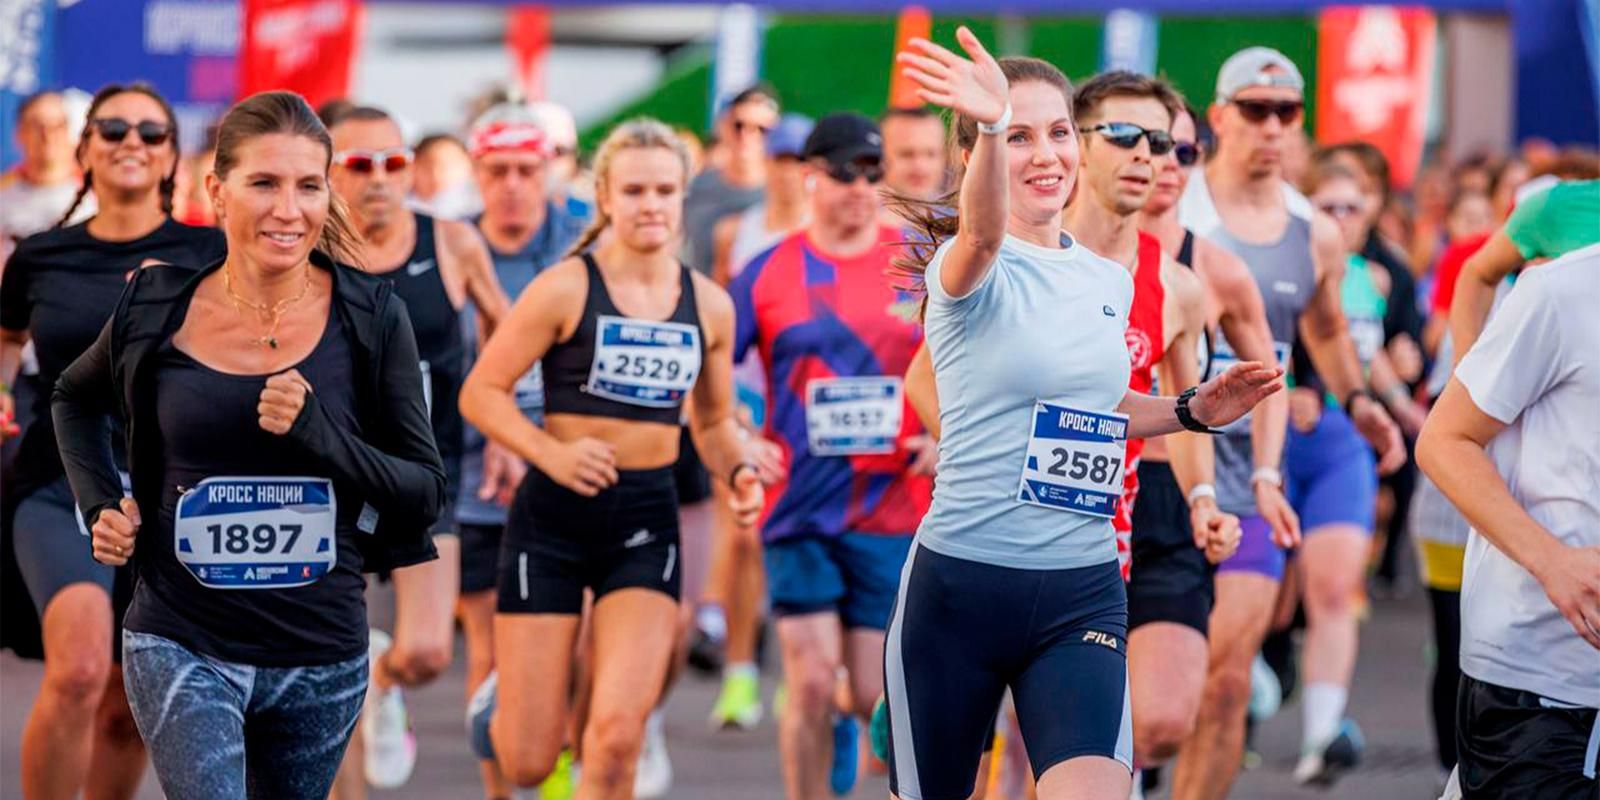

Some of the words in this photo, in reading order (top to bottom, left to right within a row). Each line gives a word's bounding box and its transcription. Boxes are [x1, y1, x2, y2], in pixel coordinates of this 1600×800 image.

[613, 353, 681, 382] 2529
[1059, 412, 1096, 432] КРОСС
[1047, 447, 1121, 486] 2587
[208, 485, 253, 503] КРОСС
[257, 485, 303, 504] НАЦИИ
[206, 523, 303, 555] 1897
[1082, 631, 1117, 648] FILA

---+---

-- INSTRUCTIONS FOR THE TASK --
Each entry needs to be returned verbatim, with its pictures left out.

-- OUTPUT FOR THIS TASK --
Some of the words in this photo, in reading order (top to bottom, left to right within a row). Each line gives a word's bounding box and its transcription. Boxes are [x1, y1, x2, y2], in pixel coordinates of this 1600×800 image.

[613, 353, 681, 382] 2529
[1059, 412, 1096, 432] КРОСС
[1047, 447, 1121, 486] 2587
[208, 485, 253, 503] КРОСС
[257, 485, 303, 504] НАЦИИ
[206, 523, 303, 555] 1897
[1082, 631, 1117, 648] FILA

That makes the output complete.